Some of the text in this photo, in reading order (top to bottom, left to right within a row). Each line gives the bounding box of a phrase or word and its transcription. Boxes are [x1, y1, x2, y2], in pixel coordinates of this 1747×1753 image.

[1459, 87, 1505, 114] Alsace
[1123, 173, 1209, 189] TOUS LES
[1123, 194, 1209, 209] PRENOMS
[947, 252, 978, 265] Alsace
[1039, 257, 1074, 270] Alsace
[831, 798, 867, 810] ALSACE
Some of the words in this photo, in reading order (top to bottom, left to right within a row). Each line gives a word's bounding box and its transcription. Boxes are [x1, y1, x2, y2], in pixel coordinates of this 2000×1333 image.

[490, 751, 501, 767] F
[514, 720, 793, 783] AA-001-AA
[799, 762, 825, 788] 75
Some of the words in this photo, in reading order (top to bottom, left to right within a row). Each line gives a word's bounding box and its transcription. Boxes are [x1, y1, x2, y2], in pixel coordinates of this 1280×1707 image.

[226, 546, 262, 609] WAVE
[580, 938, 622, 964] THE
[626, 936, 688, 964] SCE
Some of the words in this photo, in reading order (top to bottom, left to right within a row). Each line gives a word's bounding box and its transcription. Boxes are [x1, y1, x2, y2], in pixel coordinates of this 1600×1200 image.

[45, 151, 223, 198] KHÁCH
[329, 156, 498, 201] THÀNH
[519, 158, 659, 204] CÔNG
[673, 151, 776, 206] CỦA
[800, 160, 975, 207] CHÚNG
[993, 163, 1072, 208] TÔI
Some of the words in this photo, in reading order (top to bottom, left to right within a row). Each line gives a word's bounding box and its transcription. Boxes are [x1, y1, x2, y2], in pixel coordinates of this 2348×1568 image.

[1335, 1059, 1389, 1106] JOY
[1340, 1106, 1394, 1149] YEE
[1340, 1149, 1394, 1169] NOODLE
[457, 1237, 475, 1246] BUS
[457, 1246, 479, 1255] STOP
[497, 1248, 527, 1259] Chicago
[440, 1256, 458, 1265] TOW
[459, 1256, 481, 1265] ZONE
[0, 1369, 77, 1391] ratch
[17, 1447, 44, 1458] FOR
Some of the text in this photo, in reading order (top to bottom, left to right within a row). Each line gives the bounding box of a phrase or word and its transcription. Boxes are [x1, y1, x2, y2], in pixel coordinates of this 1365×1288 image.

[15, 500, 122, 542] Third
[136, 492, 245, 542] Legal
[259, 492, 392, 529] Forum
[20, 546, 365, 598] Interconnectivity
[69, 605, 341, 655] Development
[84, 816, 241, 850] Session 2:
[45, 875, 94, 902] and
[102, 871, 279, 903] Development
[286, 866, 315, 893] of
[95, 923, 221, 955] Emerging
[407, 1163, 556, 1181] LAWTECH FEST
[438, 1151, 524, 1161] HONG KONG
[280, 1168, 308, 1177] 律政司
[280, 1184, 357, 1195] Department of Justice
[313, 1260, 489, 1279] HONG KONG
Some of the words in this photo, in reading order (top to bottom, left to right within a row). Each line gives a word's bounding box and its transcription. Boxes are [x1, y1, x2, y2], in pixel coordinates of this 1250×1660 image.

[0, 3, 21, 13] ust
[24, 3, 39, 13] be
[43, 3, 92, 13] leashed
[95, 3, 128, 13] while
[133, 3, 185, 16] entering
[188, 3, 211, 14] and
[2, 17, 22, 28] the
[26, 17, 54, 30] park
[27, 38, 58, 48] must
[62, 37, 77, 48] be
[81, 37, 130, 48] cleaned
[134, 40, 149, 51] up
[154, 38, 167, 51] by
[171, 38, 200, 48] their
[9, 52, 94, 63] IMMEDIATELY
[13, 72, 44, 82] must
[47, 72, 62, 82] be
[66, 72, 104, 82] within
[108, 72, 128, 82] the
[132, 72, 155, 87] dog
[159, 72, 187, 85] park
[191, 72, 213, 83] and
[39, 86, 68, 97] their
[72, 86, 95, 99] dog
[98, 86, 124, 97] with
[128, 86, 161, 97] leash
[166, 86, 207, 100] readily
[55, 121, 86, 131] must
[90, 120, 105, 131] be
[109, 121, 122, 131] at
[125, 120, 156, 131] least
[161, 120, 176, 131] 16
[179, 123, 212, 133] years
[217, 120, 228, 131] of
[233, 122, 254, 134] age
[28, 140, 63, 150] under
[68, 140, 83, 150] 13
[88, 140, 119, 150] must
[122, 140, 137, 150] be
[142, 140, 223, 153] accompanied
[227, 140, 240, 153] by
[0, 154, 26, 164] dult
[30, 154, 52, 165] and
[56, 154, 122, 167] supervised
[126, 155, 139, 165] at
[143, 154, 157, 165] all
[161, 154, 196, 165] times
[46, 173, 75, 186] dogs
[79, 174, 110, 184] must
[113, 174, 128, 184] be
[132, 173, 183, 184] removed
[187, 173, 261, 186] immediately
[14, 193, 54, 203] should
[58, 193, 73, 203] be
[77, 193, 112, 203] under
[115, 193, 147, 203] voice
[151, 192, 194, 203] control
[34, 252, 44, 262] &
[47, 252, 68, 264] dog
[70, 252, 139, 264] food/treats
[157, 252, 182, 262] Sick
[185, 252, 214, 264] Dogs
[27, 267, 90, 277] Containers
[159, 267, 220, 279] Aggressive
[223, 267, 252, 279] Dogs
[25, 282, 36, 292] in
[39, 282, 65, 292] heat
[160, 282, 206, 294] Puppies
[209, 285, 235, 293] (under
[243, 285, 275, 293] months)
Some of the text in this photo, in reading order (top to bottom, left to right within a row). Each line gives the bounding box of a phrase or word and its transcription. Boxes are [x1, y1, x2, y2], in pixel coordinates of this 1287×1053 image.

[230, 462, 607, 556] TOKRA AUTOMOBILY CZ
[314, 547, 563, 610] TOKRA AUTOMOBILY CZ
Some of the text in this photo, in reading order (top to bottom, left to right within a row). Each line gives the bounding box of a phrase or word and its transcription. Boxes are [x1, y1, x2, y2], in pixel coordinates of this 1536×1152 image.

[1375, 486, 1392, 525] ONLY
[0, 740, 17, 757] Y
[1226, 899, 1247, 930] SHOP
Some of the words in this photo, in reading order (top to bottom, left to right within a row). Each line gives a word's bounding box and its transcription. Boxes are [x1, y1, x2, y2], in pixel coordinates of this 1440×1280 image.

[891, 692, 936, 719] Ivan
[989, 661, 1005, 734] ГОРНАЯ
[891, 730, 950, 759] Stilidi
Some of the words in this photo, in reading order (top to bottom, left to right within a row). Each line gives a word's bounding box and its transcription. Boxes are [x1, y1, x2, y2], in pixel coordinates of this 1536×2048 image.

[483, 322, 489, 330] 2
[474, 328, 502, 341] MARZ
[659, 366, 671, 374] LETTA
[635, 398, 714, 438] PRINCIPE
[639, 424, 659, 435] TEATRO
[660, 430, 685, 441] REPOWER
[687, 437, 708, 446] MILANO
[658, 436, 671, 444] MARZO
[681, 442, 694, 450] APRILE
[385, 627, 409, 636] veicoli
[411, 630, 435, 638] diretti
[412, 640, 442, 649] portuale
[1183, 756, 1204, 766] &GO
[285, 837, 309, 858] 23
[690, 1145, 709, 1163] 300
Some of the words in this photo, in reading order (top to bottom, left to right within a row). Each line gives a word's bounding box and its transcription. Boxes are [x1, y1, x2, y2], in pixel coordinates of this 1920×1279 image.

####

▶ Exercise brief:
The answer must be the full data, repeated word for word.

▶ Expected output:
Some of the text in this photo, in reading order (top to bottom, left to right within a row). Each line gives the bounding box of a phrase or word and its transcription. Boxes are [x1, y1, x2, y2], in pixel coordinates of this 1747×1753 image.

[1459, 87, 1505, 114] Alsace
[1123, 173, 1209, 189] TOUS LES
[1123, 194, 1209, 209] PRENOMS
[947, 252, 978, 265] Alsace
[1039, 257, 1074, 270] Alsace
[831, 798, 867, 810] ALSACE
Some of the words in this photo, in reading order (top to bottom, left to right within a row). Each line gives a word's bounding box and its transcription. Boxes are [x1, y1, x2, y2], in pixel coordinates of this 2000×1333 image.

[490, 751, 501, 767] F
[514, 720, 793, 783] AA-001-AA
[799, 762, 825, 788] 75
Some of the words in this photo, in reading order (top to bottom, left to right within a row). Each line gives a word's bounding box and its transcription. Boxes are [x1, y1, x2, y2], in pixel coordinates of this 1280×1707 image.

[226, 546, 262, 609] WAVE
[580, 938, 622, 964] THE
[626, 936, 688, 964] SCE
Some of the words in this photo, in reading order (top to bottom, left to right within a row). Each line gives a word's bounding box and its transcription. Boxes are [x1, y1, x2, y2], in pixel coordinates of this 1600×1200 image.

[45, 151, 223, 198] KHÁCH
[329, 156, 498, 201] THÀNH
[519, 158, 659, 204] CÔNG
[673, 151, 776, 206] CỦA
[800, 160, 975, 207] CHÚNG
[993, 163, 1072, 208] TÔI
Some of the words in this photo, in reading order (top to bottom, left to right within a row). Each line gives a word's bounding box and its transcription. Boxes are [x1, y1, x2, y2], in pixel coordinates of this 2348×1568 image.

[1335, 1059, 1389, 1106] JOY
[1340, 1106, 1394, 1149] YEE
[1340, 1149, 1394, 1169] NOODLE
[457, 1237, 475, 1246] BUS
[457, 1246, 479, 1255] STOP
[497, 1248, 527, 1259] Chicago
[440, 1256, 458, 1265] TOW
[459, 1256, 481, 1265] ZONE
[0, 1369, 77, 1391] ratch
[17, 1447, 44, 1458] FOR
Some of the text in this photo, in reading order (top to bottom, left to right within a row). Each line gives the bounding box of a phrase or word and its transcription. Boxes are [x1, y1, x2, y2], in pixel coordinates of this 1365×1288 image.

[15, 500, 122, 542] Third
[136, 492, 245, 542] Legal
[259, 492, 392, 529] Forum
[20, 546, 365, 598] Interconnectivity
[69, 605, 341, 655] Development
[84, 816, 241, 850] Session 2:
[45, 875, 94, 902] and
[102, 871, 279, 903] Development
[286, 866, 315, 893] of
[95, 923, 221, 955] Emerging
[407, 1163, 556, 1181] LAWTECH FEST
[438, 1151, 524, 1161] HONG KONG
[280, 1168, 308, 1177] 律政司
[280, 1184, 357, 1195] Department of Justice
[313, 1260, 489, 1279] HONG KONG
Some of the words in this photo, in reading order (top to bottom, left to right within a row). Each line gives a word's bounding box and its transcription. Boxes are [x1, y1, x2, y2], in pixel coordinates of this 1250×1660 image.

[0, 3, 21, 13] ust
[24, 3, 39, 13] be
[43, 3, 92, 13] leashed
[95, 3, 128, 13] while
[133, 3, 185, 16] entering
[188, 3, 211, 14] and
[2, 17, 22, 28] the
[26, 17, 54, 30] park
[27, 38, 58, 48] must
[62, 37, 77, 48] be
[81, 37, 130, 48] cleaned
[134, 40, 149, 51] up
[154, 38, 167, 51] by
[171, 38, 200, 48] their
[9, 52, 94, 63] IMMEDIATELY
[13, 72, 44, 82] must
[47, 72, 62, 82] be
[66, 72, 104, 82] within
[108, 72, 128, 82] the
[132, 72, 155, 87] dog
[159, 72, 187, 85] park
[191, 72, 213, 83] and
[39, 86, 68, 97] their
[72, 86, 95, 99] dog
[98, 86, 124, 97] with
[128, 86, 161, 97] leash
[166, 86, 207, 100] readily
[55, 121, 86, 131] must
[90, 120, 105, 131] be
[109, 121, 122, 131] at
[125, 120, 156, 131] least
[161, 120, 176, 131] 16
[179, 123, 212, 133] years
[217, 120, 228, 131] of
[233, 122, 254, 134] age
[28, 140, 63, 150] under
[68, 140, 83, 150] 13
[88, 140, 119, 150] must
[122, 140, 137, 150] be
[142, 140, 223, 153] accompanied
[227, 140, 240, 153] by
[0, 154, 26, 164] dult
[30, 154, 52, 165] and
[56, 154, 122, 167] supervised
[126, 155, 139, 165] at
[143, 154, 157, 165] all
[161, 154, 196, 165] times
[46, 173, 75, 186] dogs
[79, 174, 110, 184] must
[113, 174, 128, 184] be
[132, 173, 183, 184] removed
[187, 173, 261, 186] immediately
[14, 193, 54, 203] should
[58, 193, 73, 203] be
[77, 193, 112, 203] under
[115, 193, 147, 203] voice
[151, 192, 194, 203] control
[34, 252, 44, 262] &
[47, 252, 68, 264] dog
[70, 252, 139, 264] food/treats
[157, 252, 182, 262] Sick
[185, 252, 214, 264] Dogs
[27, 267, 90, 277] Containers
[159, 267, 220, 279] Aggressive
[223, 267, 252, 279] Dogs
[25, 282, 36, 292] in
[39, 282, 65, 292] heat
[160, 282, 206, 294] Puppies
[209, 285, 235, 293] (under
[243, 285, 275, 293] months)
Some of the text in this photo, in reading order (top to bottom, left to right within a row). Each line gives the bounding box of a phrase or word and its transcription. Boxes are [x1, y1, x2, y2], in pixel coordinates of this 1287×1053 image.

[230, 462, 607, 556] TOKRA AUTOMOBILY CZ
[314, 547, 563, 610] TOKRA AUTOMOBILY CZ
Some of the text in this photo, in reading order (top to bottom, left to right within a row). Each line gives the bounding box of a phrase or word and its transcription. Boxes are [x1, y1, x2, y2], in pixel coordinates of this 1536×1152 image.

[1375, 486, 1392, 525] ONLY
[0, 740, 17, 757] Y
[1226, 899, 1247, 930] SHOP
Some of the words in this photo, in reading order (top to bottom, left to right within a row). Each line gives a word's bounding box and its transcription. Boxes are [x1, y1, x2, y2], in pixel coordinates of this 1440×1280 image.

[891, 692, 936, 719] Ivan
[989, 661, 1005, 734] ГОРНАЯ
[891, 730, 950, 759] Stilidi
Some of the words in this photo, in reading order (top to bottom, left to right within a row). Each line gives a word's bounding box and its transcription. Boxes are [x1, y1, x2, y2], in pixel coordinates of this 1536×2048 image.

[483, 322, 489, 330] 2
[474, 328, 502, 341] MARZ
[659, 366, 671, 374] LETTA
[635, 398, 714, 438] PRINCIPE
[639, 424, 659, 435] TEATRO
[660, 430, 685, 441] REPOWER
[687, 437, 708, 446] MILANO
[658, 436, 671, 444] MARZO
[681, 442, 694, 450] APRILE
[385, 627, 409, 636] veicoli
[411, 630, 435, 638] diretti
[412, 640, 442, 649] portuale
[1183, 756, 1204, 766] &GO
[285, 837, 309, 858] 23
[690, 1145, 709, 1163] 300
Some of the words in this photo, in reading order (top to bottom, left to right within a row). Each line gives a word's bounding box and its transcription. Boxes are [x1, y1, x2, y2], in pixel coordinates of this 1920×1279 image.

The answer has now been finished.